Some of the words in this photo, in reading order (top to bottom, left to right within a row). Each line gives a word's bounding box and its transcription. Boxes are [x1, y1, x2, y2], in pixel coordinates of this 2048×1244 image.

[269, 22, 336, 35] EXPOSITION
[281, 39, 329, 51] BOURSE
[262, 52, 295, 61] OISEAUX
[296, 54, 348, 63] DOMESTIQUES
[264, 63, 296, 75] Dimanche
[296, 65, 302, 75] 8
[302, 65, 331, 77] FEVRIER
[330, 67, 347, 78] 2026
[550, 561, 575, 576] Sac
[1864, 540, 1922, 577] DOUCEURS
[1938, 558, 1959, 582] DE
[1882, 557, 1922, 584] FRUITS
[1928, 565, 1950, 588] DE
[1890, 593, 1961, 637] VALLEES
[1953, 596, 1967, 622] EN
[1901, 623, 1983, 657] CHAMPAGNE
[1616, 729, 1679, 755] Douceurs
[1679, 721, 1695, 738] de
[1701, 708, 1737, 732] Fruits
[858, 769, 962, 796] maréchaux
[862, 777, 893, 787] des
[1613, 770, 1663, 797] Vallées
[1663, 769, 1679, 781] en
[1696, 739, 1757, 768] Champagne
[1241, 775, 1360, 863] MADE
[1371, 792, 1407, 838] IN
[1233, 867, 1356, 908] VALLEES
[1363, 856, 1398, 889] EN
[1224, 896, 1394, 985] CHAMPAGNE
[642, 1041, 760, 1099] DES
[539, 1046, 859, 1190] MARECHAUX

TASK INSTRUCTIONS: From top to bottom, please output the material exactly.

REPLY TO THE TASK:
Some of the words in this photo, in reading order (top to bottom, left to right within a row). Each line gives a word's bounding box and its transcription. Boxes are [x1, y1, x2, y2], in pixel coordinates of this 2048×1244 image.

[269, 22, 336, 35] EXPOSITION
[281, 39, 329, 51] BOURSE
[262, 52, 295, 61] OISEAUX
[296, 54, 348, 63] DOMESTIQUES
[264, 63, 296, 75] Dimanche
[296, 65, 302, 75] 8
[302, 65, 331, 77] FEVRIER
[330, 67, 347, 78] 2026
[550, 561, 575, 576] Sac
[1864, 540, 1922, 577] DOUCEURS
[1938, 558, 1959, 582] DE
[1882, 557, 1922, 584] FRUITS
[1928, 565, 1950, 588] DE
[1890, 593, 1961, 637] VALLEES
[1953, 596, 1967, 622] EN
[1901, 623, 1983, 657] CHAMPAGNE
[1616, 729, 1679, 755] Douceurs
[1679, 721, 1695, 738] de
[1701, 708, 1737, 732] Fruits
[858, 769, 962, 796] maréchaux
[862, 777, 893, 787] des
[1613, 770, 1663, 797] Vallées
[1663, 769, 1679, 781] en
[1696, 739, 1757, 768] Champagne
[1241, 775, 1360, 863] MADE
[1371, 792, 1407, 838] IN
[1233, 867, 1356, 908] VALLEES
[1363, 856, 1398, 889] EN
[1224, 896, 1394, 985] CHAMPAGNE
[642, 1041, 760, 1099] DES
[539, 1046, 859, 1190] MARECHAUX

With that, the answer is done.